Start by asking: "I'm building a three-tier monitoring dashboard for a coding assistant agent with 20,000 sessions/day. What should I track in each tier?"
🤖 Monitoring Coach Lab 3
Building AI Agents IV — OpenClaw · Module 6 · Lesson 4

Lesson 4: Alerting & Incident Response

Advanced concepts, real-world applications, and practical implications
Core Concepts

This lesson explores lesson 4: alerting & incident response — examining the key principles, real-world applications, and implications for practitioners working in this domain.

Understanding this topic requires both theoretical grounding and practical awareness of how these concepts manifest in deployed systems.

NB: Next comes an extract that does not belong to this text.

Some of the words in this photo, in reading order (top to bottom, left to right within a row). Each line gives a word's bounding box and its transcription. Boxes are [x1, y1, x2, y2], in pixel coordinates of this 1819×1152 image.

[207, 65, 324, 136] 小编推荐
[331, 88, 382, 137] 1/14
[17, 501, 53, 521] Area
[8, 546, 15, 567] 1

The frameworks covered in earlier lessons provide the foundation; this lesson connects them to implementation reality.

Practical Applications

The transition from theory to practice reveals challenges that pure conceptual frameworks don't capture. Real-world deployment introduces constraints, trade-offs, and edge cases that demand nuanced judgment rather than rigid rule-following.

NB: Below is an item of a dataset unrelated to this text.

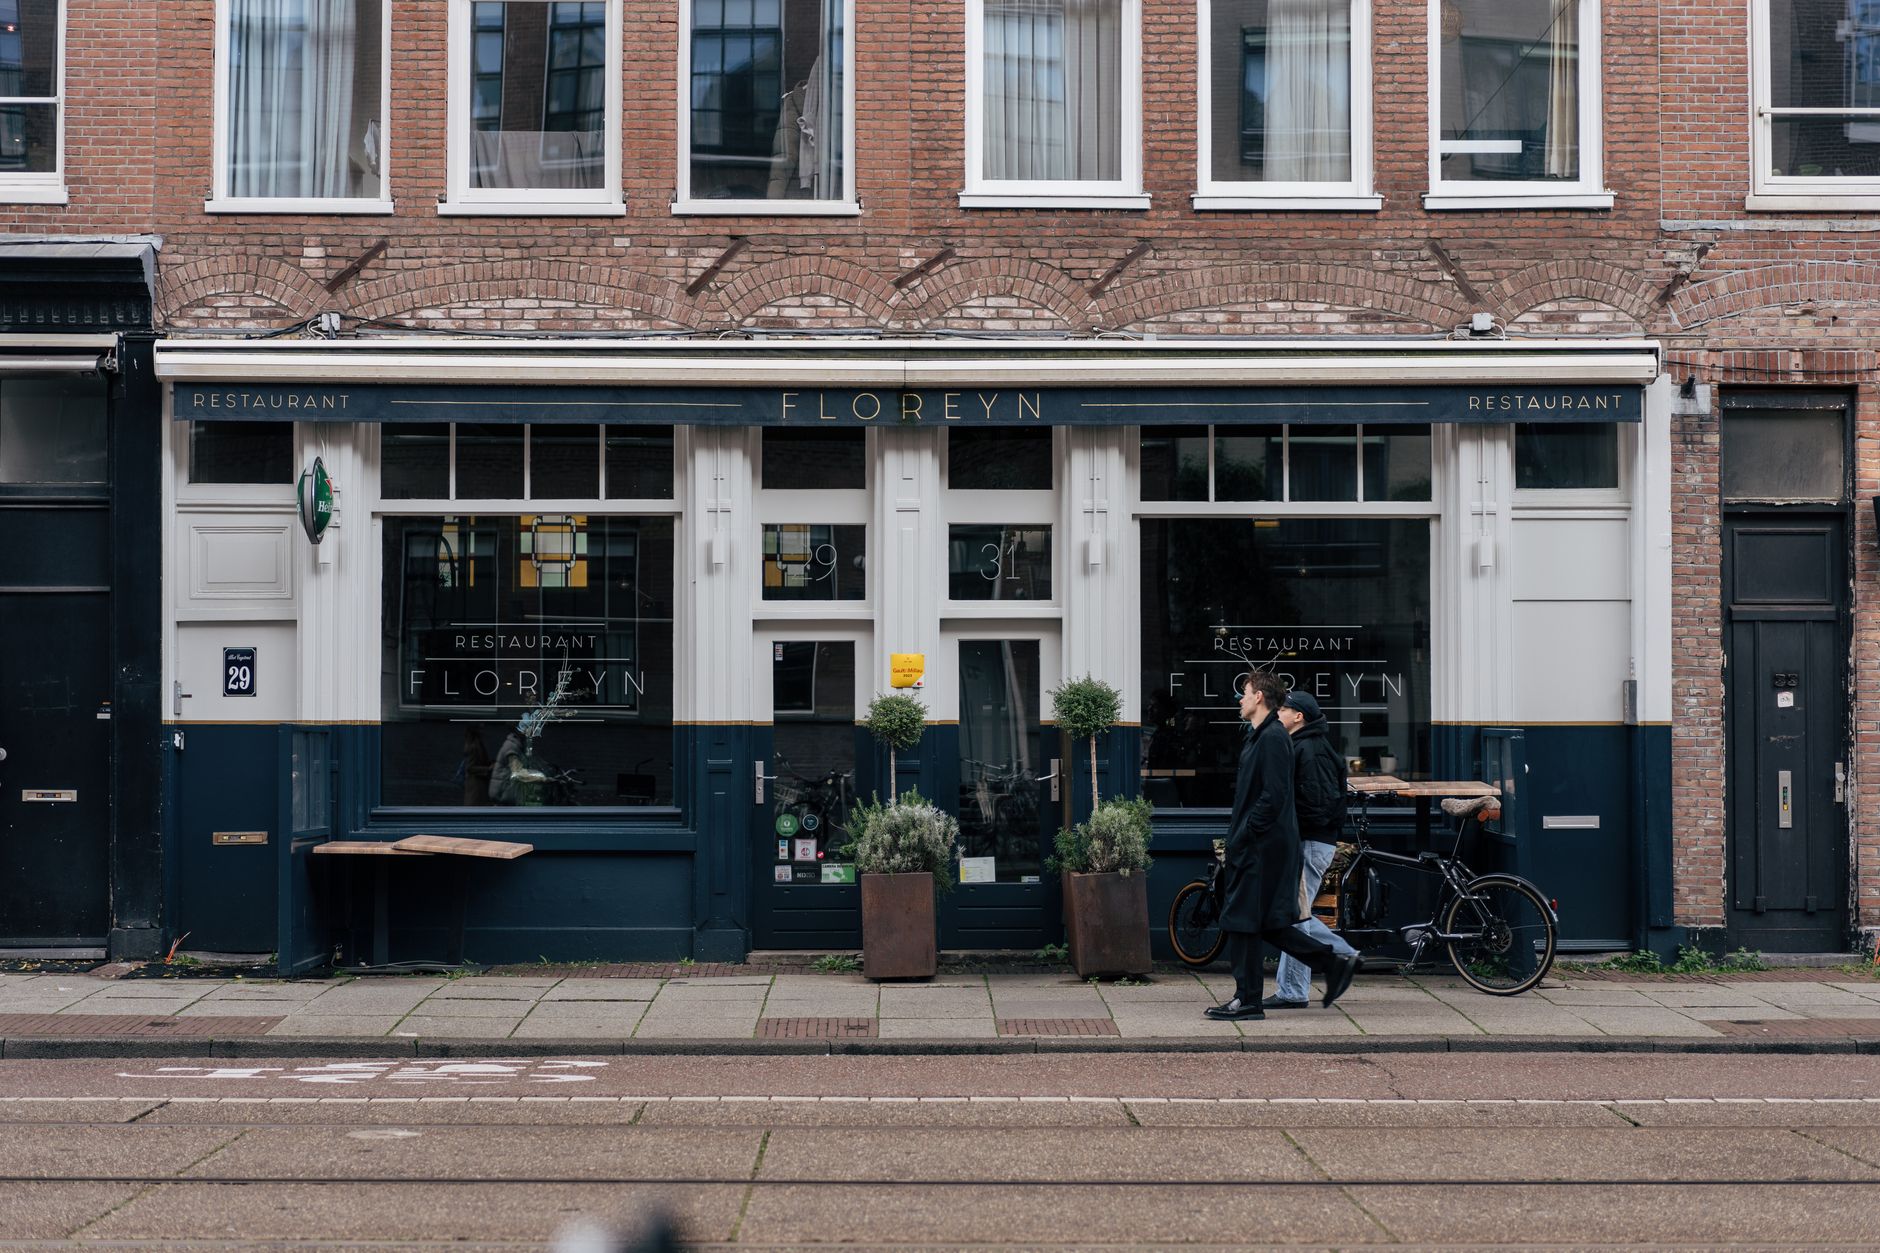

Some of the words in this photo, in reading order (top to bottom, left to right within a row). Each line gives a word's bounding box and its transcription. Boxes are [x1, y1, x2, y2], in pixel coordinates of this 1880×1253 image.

Effective practitioners in this space develop the ability to reason across multiple frameworks simultaneously, recognizing when different perspectives apply and how to resolve conflicts between competing priorities.

Looking Forward

As this field continues to evolve, the principles covered in this module will remain foundational even as specific technologies and implementations change. The ability to think critically about these topics — rather than simply memorizing current best practices — is what separates effective practitioners from those who merely follow checklists.

Lesson 4 Quiz

Lesson 4: Alerting & Incident Response
What is the primary focus of Lesson 4: Alerting & Incident Response?
✓ Correct — Correct. This lesson bridges theory and practice, focusing on real-world implementation.
Review the lesson — the focus is on connecting frameworks to practical reality.
Why does real-world deployment introduce challenges that pure theory doesn't capture?
✓ Correct — Correct. Real deployment requires judgment, not just framework application.
Practice doesn't invalidate theory — it reveals complexities that require nuanced application of theoretical principles.
What separates effective practitioners from those who merely follow checklists?
✓ Correct — Correct. Critical thinking and adaptability matter more than memorized procedures.
The key differentiator is critical thinking ability, not experience or resources alone.
🎯 Advanced · Lesson 4 Lab

Lab: Apply What You've Learned

Synthesize concepts from Lesson 4: Alerting & Incident Response through guided AI conversation

Your Task

Use the AI below to explore the concepts from Lesson 4 in depth. Ask questions, challenge assumptions, and work through practical scenarios related to lesson 4: alerting & incident response.

Try: "How would the concepts from this lesson apply to a real-world scenario in this field?"
🤖 AESOP Lab Assistant Lesson 4 Lab

Module 6 Test

Observability and Logging · 15 Questions · 70% to Pass
Score: 0/15
1. What is the core objective of Observability and Logging?
2. How should practitioners approach applying concepts from this module?
3. Which best describes the relationship between theory and practice in Building AI Agents IV — OpenClaw?
4. What distinguishes expert practitioners from novices in this field?
5. How does Observability and Logging build on previous modules?
6. What role do constraints play in practical implementation?
7. When applying frameworks from this module, what is most important?
8. How should practitioners handle conflicting perspectives in this field?
9. What makes the concepts in Observability and Logging relevant beyond their immediate context?
10. How should practitioners continue developing expertise after completing this module?
11. What is the relationship between understanding Building AI Agents IV — OpenClaw concepts and making decisions?
12. How do the lessons from this module apply to novel situations?
13. What is the value of understanding multiple perspectives on {course_title}?
14. How should practitioners evaluate new information or developments in this field?
15. What is the ultimate goal of learning Observability and Logging?